President George W. Bush has said the United States is “in the process of determining what is necessary to maintain the cease-fire and to allow for a peaceful transfer of power” in Liberia. He also said the United States will participate in this stabilizing process in some shape or form. Questions abound: How deeply should the United States be involved in the stabilization of Liberia and what would participation in this process entail?
One thing is for certain: Any involvement will prove exhausting. Liberia, after years of civil war, has become a complex swirl of competing interests. Yet to make only a token effort in attempting to prevent the African nation from sinking into violent chaos is not acceptable: The United States must make a significant good-faith effort to save Liberia from further death and destruction.
Liberia was founded more than 150 years ago by freed American slaves of African origin. From its beginning, development in Liberia has been retarded by various struggles between the repatriating ex-slaves and the area’s indigenous peoples. However, by the second half of the 20th century, the nation experienced some modernization and integration success. Steady improvement came to an abrupt halt in the 1980s, however, as the military dictatorship of Samuel Doe – a government backed by the United States – led the country into economic and social ruin.
Beginning in 1989, Liberia experienced a series of civil wars and fragile cease-fires. All told, this recent civil strife has claimed more than 150,000 lives. In 1997, current Liberian President Charles Taylor rose to power. Civil strife did not end with Taylor’s ascent to power.
Recently, Taylor agreed to step down as president under one condition – that an international peacekeeping force occupies the country. Taylor is opposed to unilateral U.S. involvement in Liberia because of his contention that the main rebel group, Liberians United for Reconciliation and Democracy, is a covert fighting force of the United States. The group consists of several different factions aligned together in opposition to Taylor’s government. Whether these factions maintain peace with each other after Taylor’s removal remains to be seen.
Despite these complexities, significant U.S. assistance to Liberia must happen, even if it causes Taylor to remain in Liberia temporarily. The moral imperative to prevent the disintegration of a country and the shocking violence that often accopmanies this process – think Rwanda and Yugoslovia – leaves the United States no other choice but to intervene strongly.
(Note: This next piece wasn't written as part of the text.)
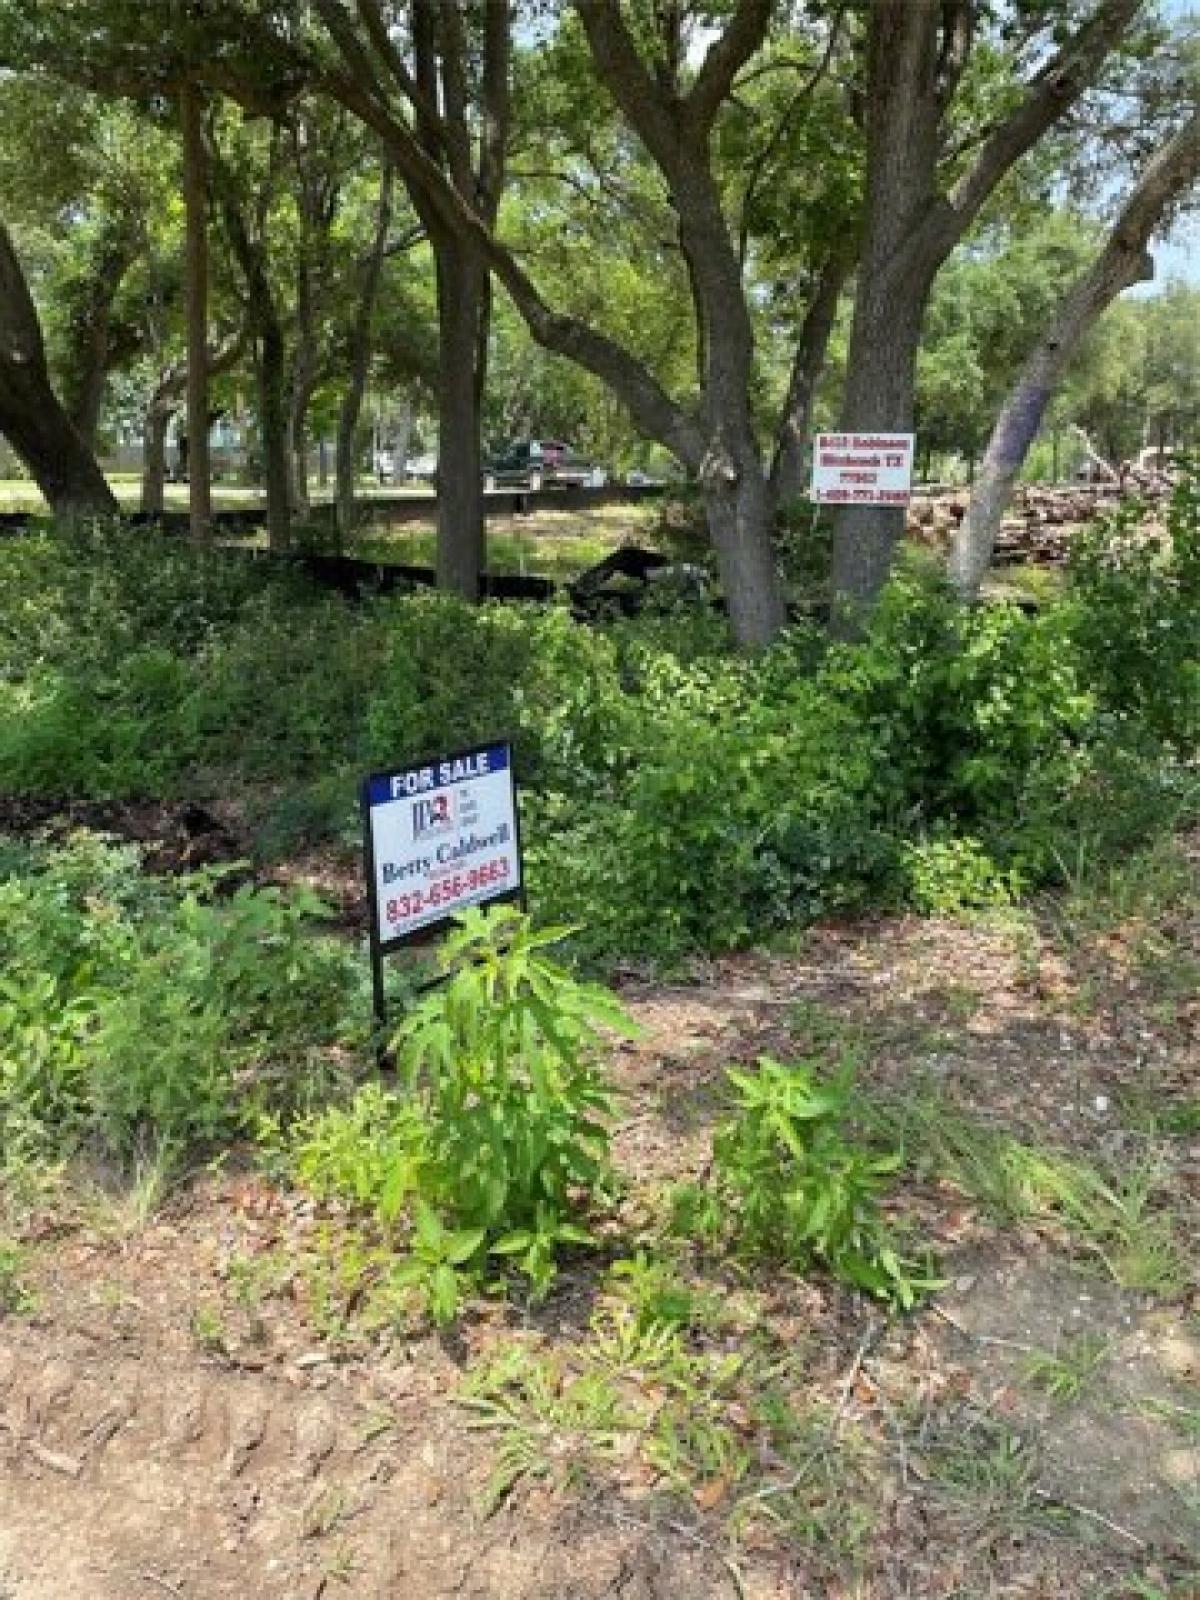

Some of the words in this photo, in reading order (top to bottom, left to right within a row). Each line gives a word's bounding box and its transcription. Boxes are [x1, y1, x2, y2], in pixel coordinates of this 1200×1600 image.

A carefully planned course of action in Liberia must incorporate the lessons learned from U.S. missteps in Afghanistan and Iraq. First, proper intervention in Liberia requires full commitment, a commitment level now lacking in Afghanistan, and some argue, Iraq. Success in Liberia will only occur if the United States does not cut corners. Second, the United States should not work with any particular warlord or rebel group in the Liberian conflict like it did in Afghanistan. Finally, intervention needs to focus on stabilization and humanitarian aid; injecting a U.S. mission with military and strategic initiatives would compromise the primary objective of intervention: stabilizing and eventually democratizing Liberia.